Field-level precision: Localization provides the spatial context needed for downstream workflows such as automated quality checks, redaction, and multi-document comparisons, enabling more reliable automation.
Flexible deployment and extension: The modular design supports custom field schemas via configuration, enabling organizations to tailor the localization layer without rewriting code.
Practical benchmarks and guidance: The FATURA-based results offer concrete expectations on accuracy, failure modes, and handling of real-world variations, helping teams plan deployments with realistic SLAs.

Technical details or Implementation

Architecture: A simple localization solution takes a document image and a text prompt, processes them with chosen foundation models on Amazon Bedrock, and returns the field locations in absolute or normalized coordinates. The approach is designed to be modular, allowing easy extension to support additional field schemas via configuration updates rather than code changes.
Prompting strategies: The workflow tests two prompting strategies—image dimension and scaled coordinate. Based on initial results, the scaled coordinate strategy was selected for Nova models due to favorable performance characteristics in the study.
Evaluation framework: The benchmarking uses standard document-understanding metrics, including IoU with a 0.5 threshold and a 5% tolerance for field positioning, across 50 distinct invoice templates. The FATURA dataset comprises 10,000 invoices, 50 templates, 200 invoices per template, and 24 annotated fields per document, with bounding box coordinates provided in JSON. The prompts and outputs are designed to yield coordinates that can be consumed by downstream extraction and validation stages. For the full workflow and results, refer to the AWS post linked above.
Performance and failure modes: Nova Pro achieved a mAP of 0.8305. It maintained mAP above 0.80 for 45 of 50 templates, with a template-specific minimum of 0.665. Field localization excelled for structured fields like invoice numbers and dates and showed resilience to currency format variations. Processing failures (170/10,000) were mainly due to guardrail over-refusal and malformed JSON outputs, or misclassifications such as confusing buyer versus seller addresses. These insights inform practical error handling and guardrail tuning in production.
Availability and guidance: The study emphasizes Bedrock’s scalability for enterprise deployment and directs readers to review the Amazon Bedrock documentation for the latest model capabilities and best practices.
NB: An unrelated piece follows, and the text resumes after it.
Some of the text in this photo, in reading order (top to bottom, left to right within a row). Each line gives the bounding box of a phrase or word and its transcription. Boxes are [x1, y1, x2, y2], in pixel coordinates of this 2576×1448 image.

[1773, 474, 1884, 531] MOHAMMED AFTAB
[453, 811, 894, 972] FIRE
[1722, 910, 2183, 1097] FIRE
The authors also point to a GitHub repository for the complete solution code and implementation details.

Key takeaways

Multimodal foundation models on Bedrock can localize document fields with high accuracy, reducing reliance on traditional vision-centric pipelines.
The scaled coordinate prompting strategy can be effective for field localization tasks in Nova Pro workflows.
FATURA benchmarking demonstrates strong performance across varied invoice layouts, with clear guidance on expected accuracy and failure modes.
A modular, configurable design supports enterprise-scale deployment and easy extension to new document schemas.
Real-world deployment requires robust handling of guardrail outputs and JSON formatting to minimize processing failures.

FAQ

What dataset was used for benchmarking?

The FATURA dataset, consisting of 10,000 single-page invoices, 50 layout templates, 200 invoices per template, and 24 annotated fields with bounding boxes in JSON format.
Which model and platform were used for localization?
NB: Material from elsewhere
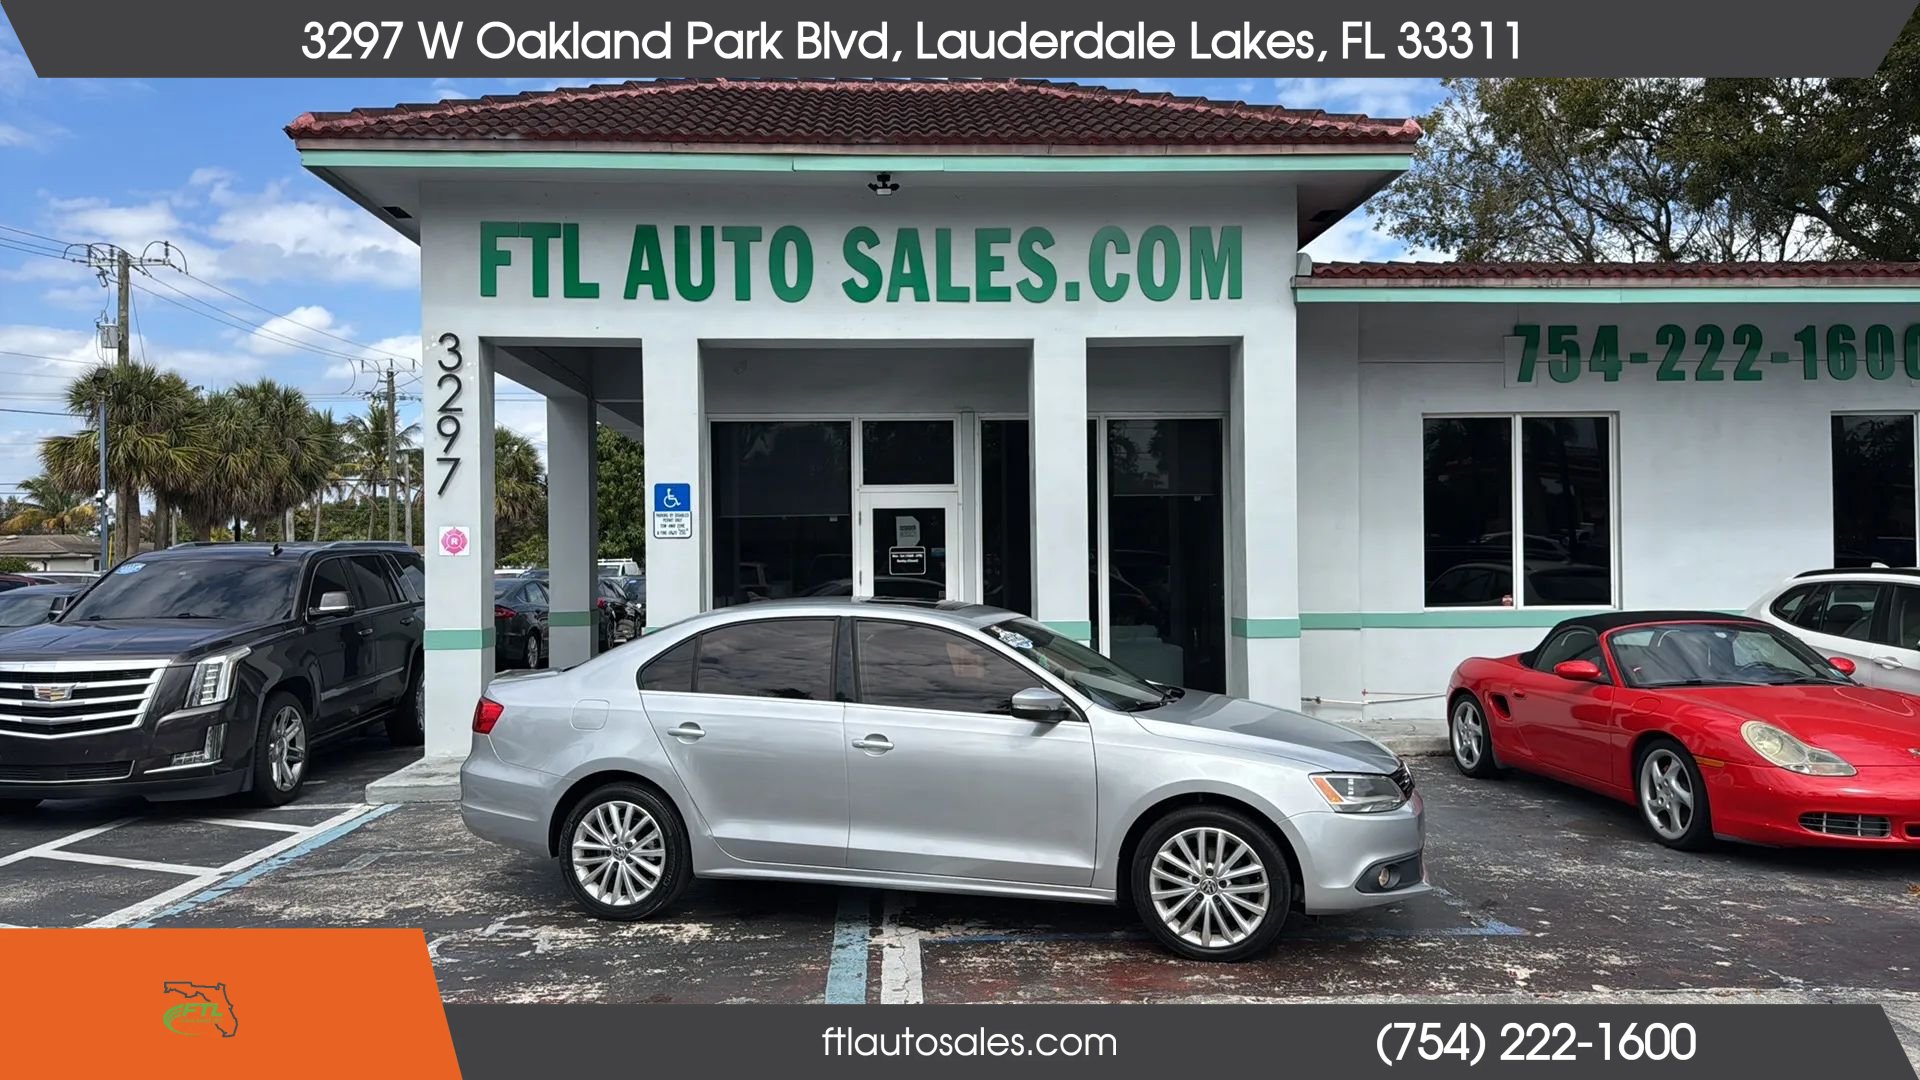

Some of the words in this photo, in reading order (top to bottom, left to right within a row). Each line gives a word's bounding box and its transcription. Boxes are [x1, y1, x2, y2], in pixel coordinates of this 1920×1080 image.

[480, 222, 600, 299] FTL
[623, 226, 814, 303] AUTO
[842, 226, 1243, 304] SALES.COM
[437, 332, 463, 496] 3297
mazon Nova Pro running on Amazon Bedrock.
What prompting strategy was found to be effective?

The scaled coordinate prompting strategy was selected based on initial experiments for Nova models in this workflow.
What were the main causes of processing failures?

Guardrail over-refusals, malformed JSON output, and misclassifications such as confusion between buyer and seller addresses.
Where can developers find the implementation details?

The complete solution code is available in the authors’ GitHub repository, and readers are encouraged to review the Amazon Bedrock documentation for current capabilities.